Wang Yiwei, director of the Institute of International Affairs at Renmin University of China
The Belt and Road Initiative, or the initiative of jointly building the Silk Road Economic Belt and the 21st-Century Maritime Silk Road, has been under intense discussions at home and abroad ever since it was first proposed by Chinese President Xi Jinping when he visited Central Asia and Southeast Asia in September-October 2013.
Wang, director of the Institute of International Affairs at Renmin University of China, said that some discussions were misleading as the initiative was sometimes misinterpreted as a Chinese version of the Marshall Plan and China’s efforts in this regard were viewed as intended to influence the Asia-Pacific region.
Under these circumstances, the first book on the Belt and Road Initiative comes off the press to clear up such misunderstandings.
The Chinese scholar states in his book that the initiative brings along with it four opportunities: the all-round opening up of China, improvement of diplomatic ties among neighbors, closer regional cooperation and common development for the whole world.
“The Belt and Road Initiative is an international proposal as well as public goods,” Wang said at the meeting. “It is not a repetition of the ancient tributary system. On the contrary, it is a product of a new century which needs innovative thinking and cooperation. It aims at development for all.”
Wang also admits that implementation will be confronted with challenges including geopolitical factors, security threats, economic interactions and legal systems. However, he believes that the initiative conforms to the trend of inclusive globalization and that goal is achievable.
Other experts at the meeting also shared their views. Lu Xiankun, a researcher at China Institute for WTO Studies at University of International Business and Economics, said the Belt and Road Initiative was raised in a timely manner, providing a large platform for China’s development, but if China did not send out clearer messages about its policies, misunderstandings would arise.

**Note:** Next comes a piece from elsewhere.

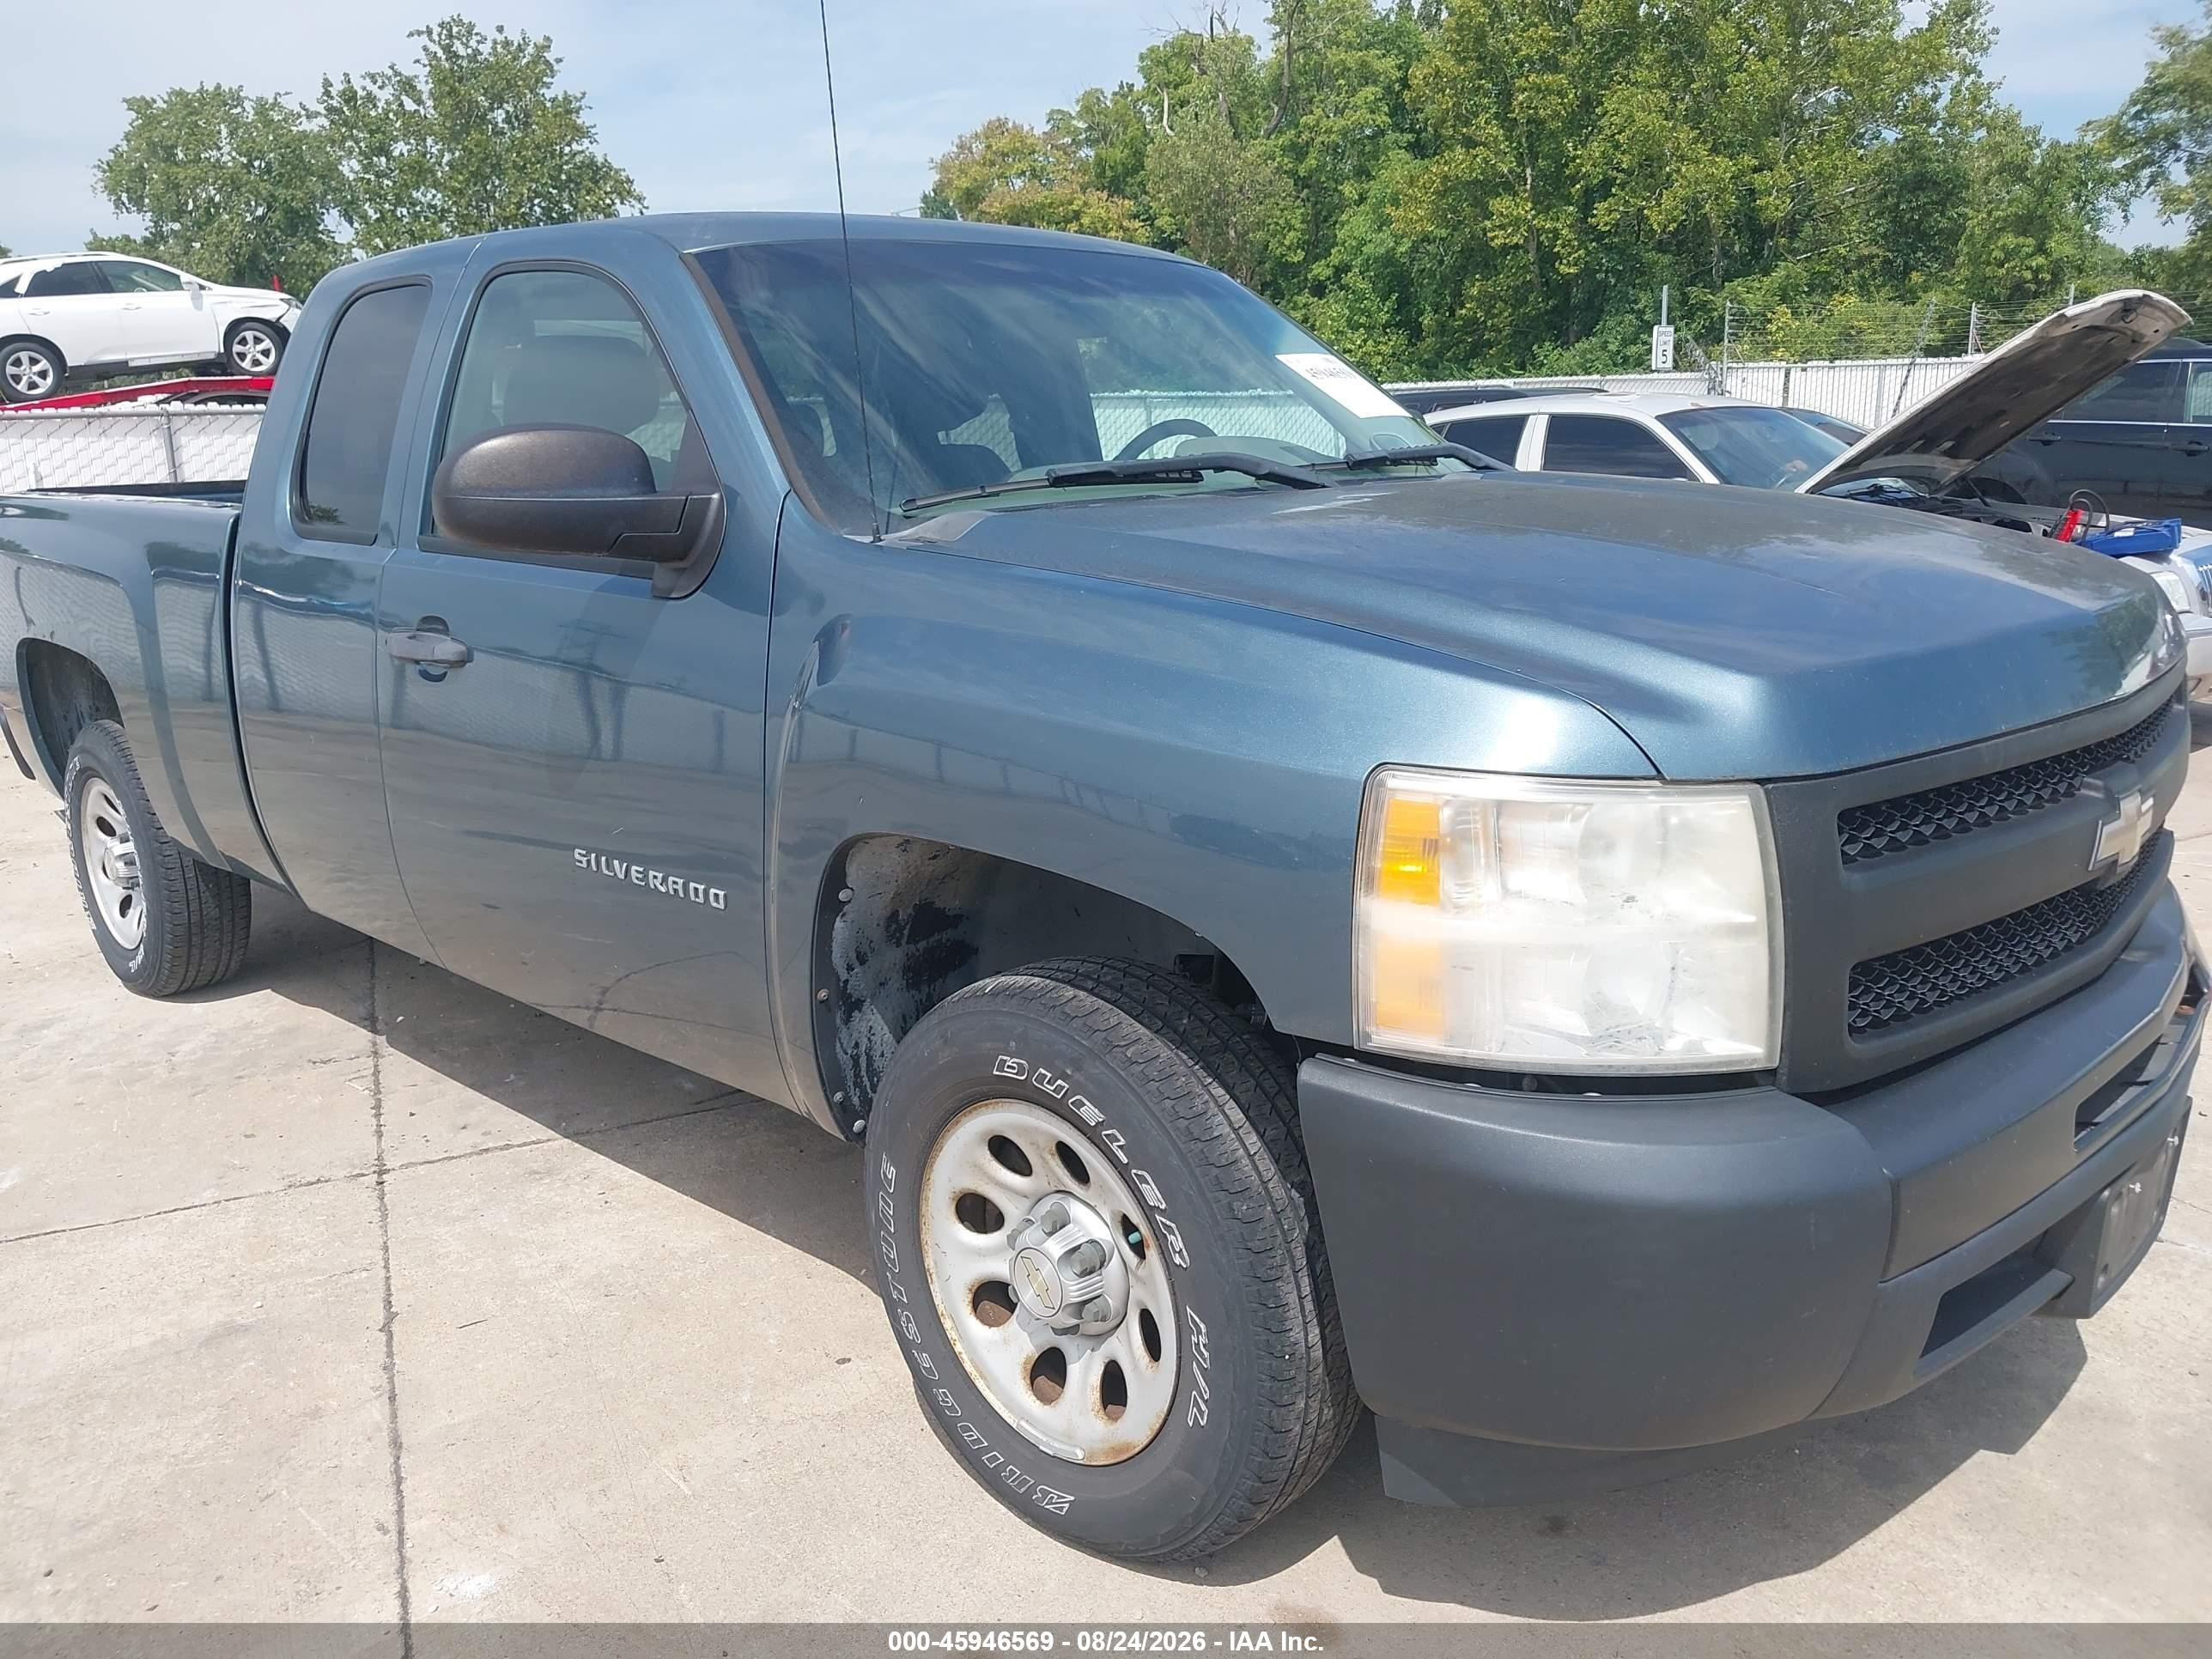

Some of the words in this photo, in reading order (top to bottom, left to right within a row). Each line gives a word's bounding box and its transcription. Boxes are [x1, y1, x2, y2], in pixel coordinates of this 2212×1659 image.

[1661, 349, 1668, 364] 5
[574, 848, 727, 910] SILVERADO
[992, 1054, 1191, 1271] DUELER
[878, 1152, 1077, 1516] BRIDGESTONE

Zhang Xiao, associate researcher with National Development and Reform Commission said that like the Chinese saying goes, “Long distance separates no bosom friends,” the Belt and Road will connect us and achieve win-win progress.

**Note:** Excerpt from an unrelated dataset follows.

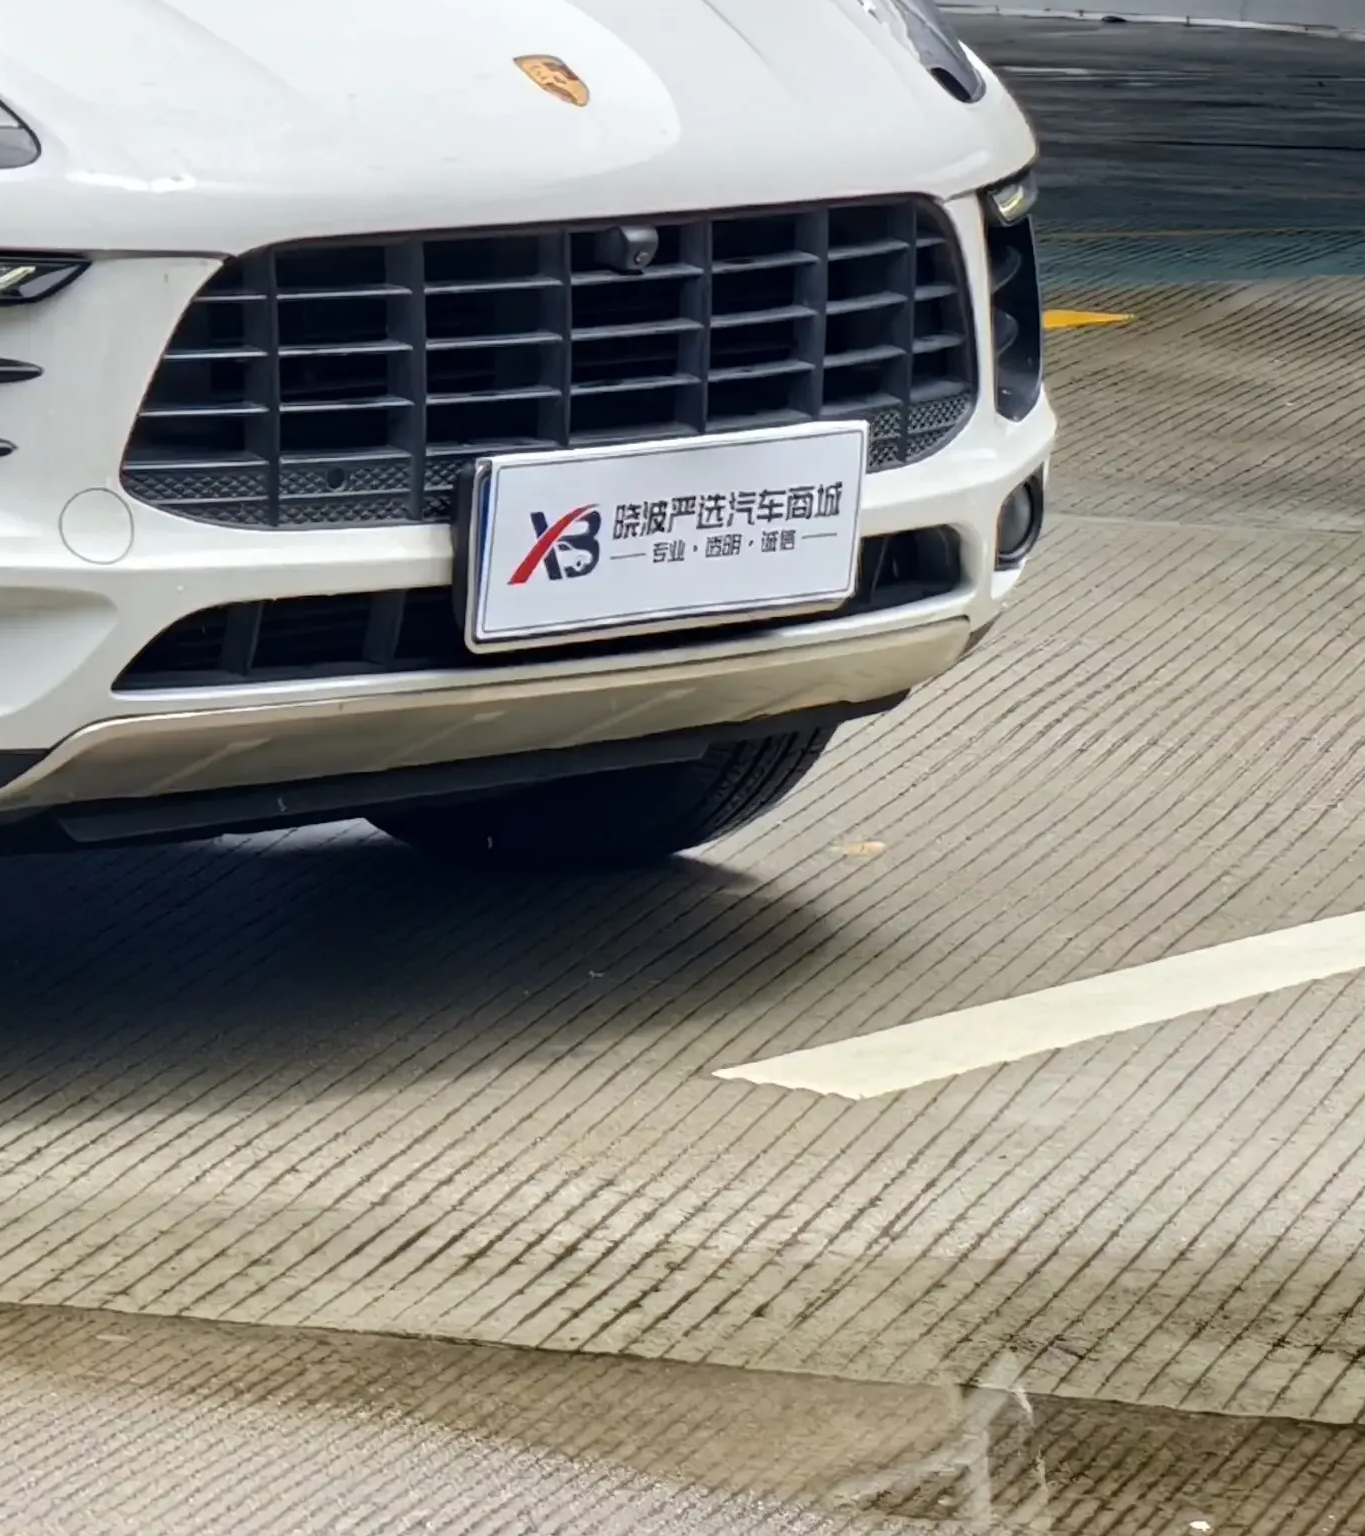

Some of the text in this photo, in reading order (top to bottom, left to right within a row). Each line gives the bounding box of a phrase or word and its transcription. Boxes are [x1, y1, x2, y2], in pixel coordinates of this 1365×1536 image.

[611, 481, 843, 540] 晓波严选汽车商城

Ke Yinbin, secretary general of the Charhar Institute, said the Belt and Road Initiative is a creative endeavor for “common modernization” meaning the concerted efforts of all countries and peoples along the Belt and Road in seeking common interests. He also called for think tanks, college professors and reporters to retain composure and keep calm on their role in contributing to the implementation of the initiative among heated discussions on the Belt and Road.